İnanılır gibi değil ama birisi yani Papadopulos aşırı sağ görüşlü olan DIKO partisinin eski başkanı, diğeri de yani Hristofyas da dünyada ayakta kalmayı başarmış ender komünist partilerden bir tanesi olan AKEL'in genel sekreteri. Biri aşırı sağdan diğeri de aşırı soldan.

Kıbrıs konusunda, 2008 ve 2009 döneminde masaya BM tarafından bir plan konacağı ve çözüm arayışları içine girileceği beklentisi ve inancı var.

Türkiye'deki ve KKTC'deki yöneticilerin Kıbrıs'ta kalıcı bir çözüm için iyi niyetli ve samimi çabaları olmasına rağmen, Rum tarafında böylesi bir düşünce ve çaba yok.

Adaylardan AKEL Genel Sekreteri Dimitris Hristofyas, meydanlarda ve medyada yaptığı konuşmalarda ağzına taksimi bir doladı, pir doladı. Adeta seçim stratejisini Türkleri kötülemek ve "Taksim" üzerine kurmuş. "Taksim felakettir" (26 Aralık 2007, Haravgi), "Taksime mani olmak için aday oldum" (13 Ocak 2008, Alithia), "Taksim felaketi çok yakın" (14 Ocak 2008, Politis), "Taksim kapımızı çalıyor" (14 Ocak 2008, Filelefthoros) sözlerini ve benzerlerini artık her gün söylemeye başladı Hristofyas.

Ağzından hiç 1796 yılı patentli "Enosis" (Kıbrıs'ın Yunanistan'a ilhakı) lafı çıkmıyor.

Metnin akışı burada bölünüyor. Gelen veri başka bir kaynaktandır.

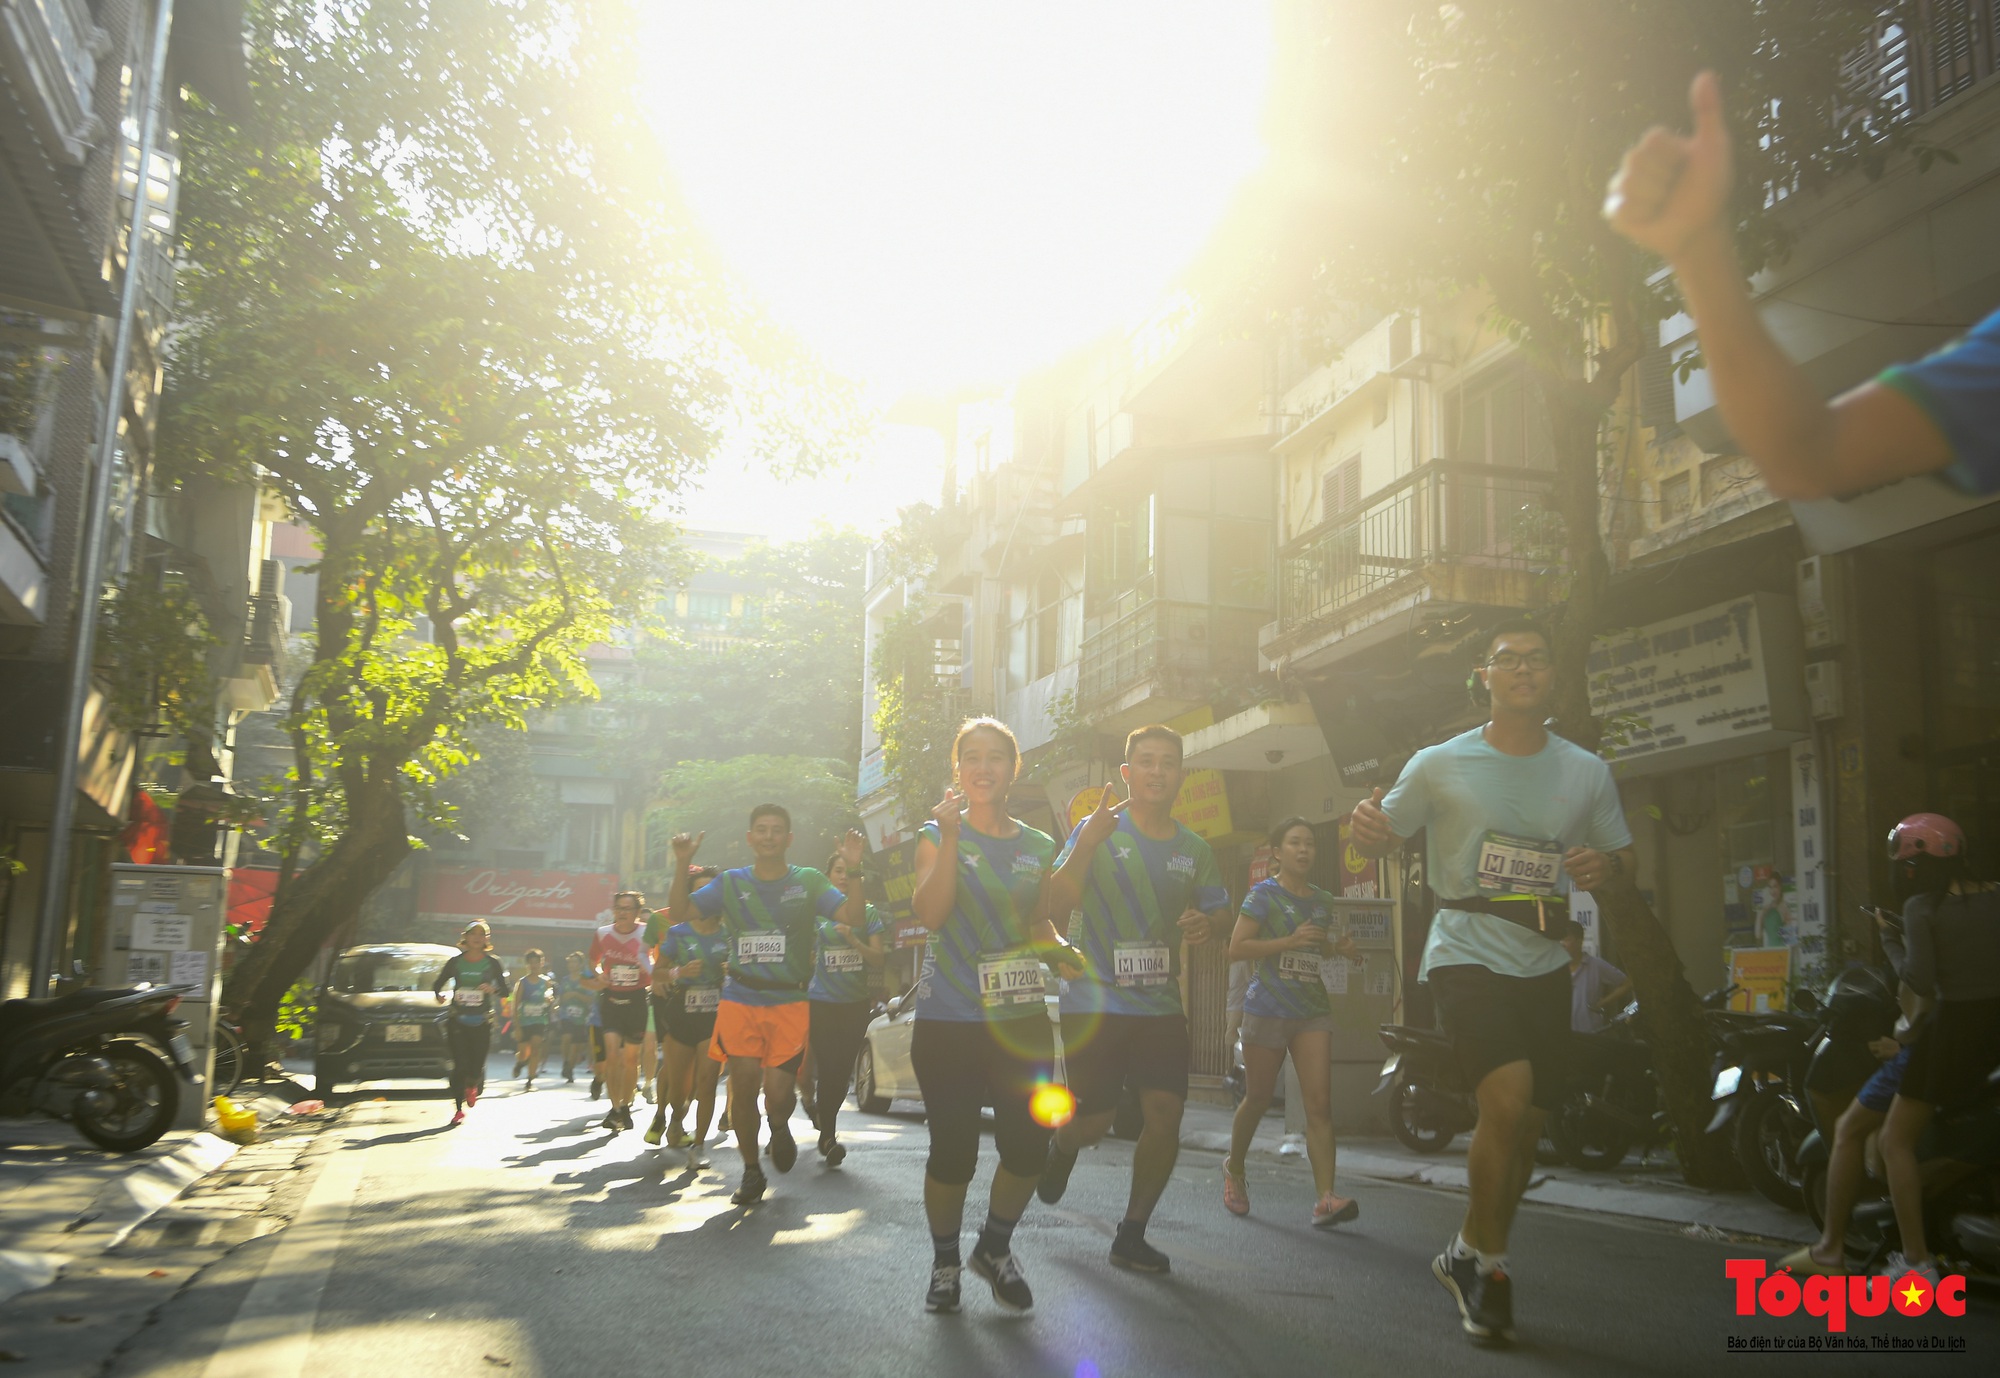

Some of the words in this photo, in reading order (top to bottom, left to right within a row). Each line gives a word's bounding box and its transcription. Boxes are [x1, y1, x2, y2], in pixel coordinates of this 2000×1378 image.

[1510, 859, 1552, 879] 10862
[465, 871, 574, 914] Origato
[755, 942, 781, 952] 18863
[1138, 957, 1163, 971] 11064
[1004, 970, 1039, 987] 17202

Kıbrıs'ı felaketlere sürükleyen, adadaki barışı son 80 yıldır dinamitleyen, her iki taraftan da binlerce kişinin ölmesine yol açan, adanın üzerini neredeyse son bir asırdır karanlık bulutların kaplamasına neden olan Rum Ortodoks Kilisesi'nin yüzlerce yıldır beyin yıkayarak Rumlara pompaladığı "Enosis" isimli ebedi ülküden hiç bahsetmiyor Hristofyas.

Aslında onun da kafasında aynen Papadopulos'ta olduğu gibi, "Enosis" hayali ve adaya hâkim olmasını istediği "Üniter Rum Devleti" var ama şimdilik bunları ağzına hiç almıyor. Geçmişte "Enosis" ile ilgili AKEL'in iki tane ayıbı var. Bunlardan birincisi; AKEL'in 3-6 Mart 1966 tarihli XI. kurultayında aldığı Enosis kararıdır. Ve AKEL halen daha bu kararı iptal etmiş değildir. Geçersiz olduğunu da ilan etmemiştir. Karar halen geçerli. Sapasağlam yerinde duruyor. Uygun koşullar oluşunca da uygulamaya hazır ve nazır.

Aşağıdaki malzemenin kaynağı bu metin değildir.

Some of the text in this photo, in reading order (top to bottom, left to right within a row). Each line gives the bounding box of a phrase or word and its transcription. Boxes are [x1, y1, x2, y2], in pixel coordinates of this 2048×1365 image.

İkincisi ise; 1960 Kıbrıs Cumhuriyeti Anayasası uyarınca, milletvekili seçilmiş Kıbrıslı Türkleri 22 Aralık 1963 günü silah zoru ile dışarı attıkları Kıbrıs (Rum) Meclisi'nde, 26 Haziran 1967 tarihinde, içinde AKEL milletvekillerinin oylarının da yer aldığı, "Oybirliği" ile kabul edilmiş "Enosis" kararıdır.

Bu karar da değişmiş veya iptal edilmiş değildir. O da uygun koşullar oluşunca uygulamaya hazır ve nazır olarak dondurucuda bekletilmektedir.

Çok değil daha birkaç gün önce, AKEL Basın Sözcüsü Andros Kiprianu; "Bizi isim değil içerik ilgilendirir." diyerek "Bağımsız, bağlantısız, iki toplumlu federal devlet talep ediyoruz." derken açıkçası yalan söylemektedir. AKEL Genel Sekreteri Dimitris Hristofyas'ın da ılımlı davranması, barıştan, dostluktan ve kardeşlikten bahsetmesi, iki toplumlu federal devlet istiyorum demesi sadece takiyedir (Gerçeği gizlemek). Hristofyas hiçbir zaman aklındaki Enosis ülküsünden vazgeçtiğini ima edecek herhangi bir tavır içine girmeyecektir.

Zamanı gelince ve uygun koşullar oluşunca, o da ataları ve ağababası Makarios gibi, verdiği tüm sözleri ve imzaladığı tüm antlaşmaları hemen ve derhal inkâr edecektir.

Hiç şüpheniz olmasın....Hristofyas'tan bahsederken Gamber'den bahsetmemek çok ayıp olur. Hiç Gambersiz yani Papadopulos'suz düğün olur mu?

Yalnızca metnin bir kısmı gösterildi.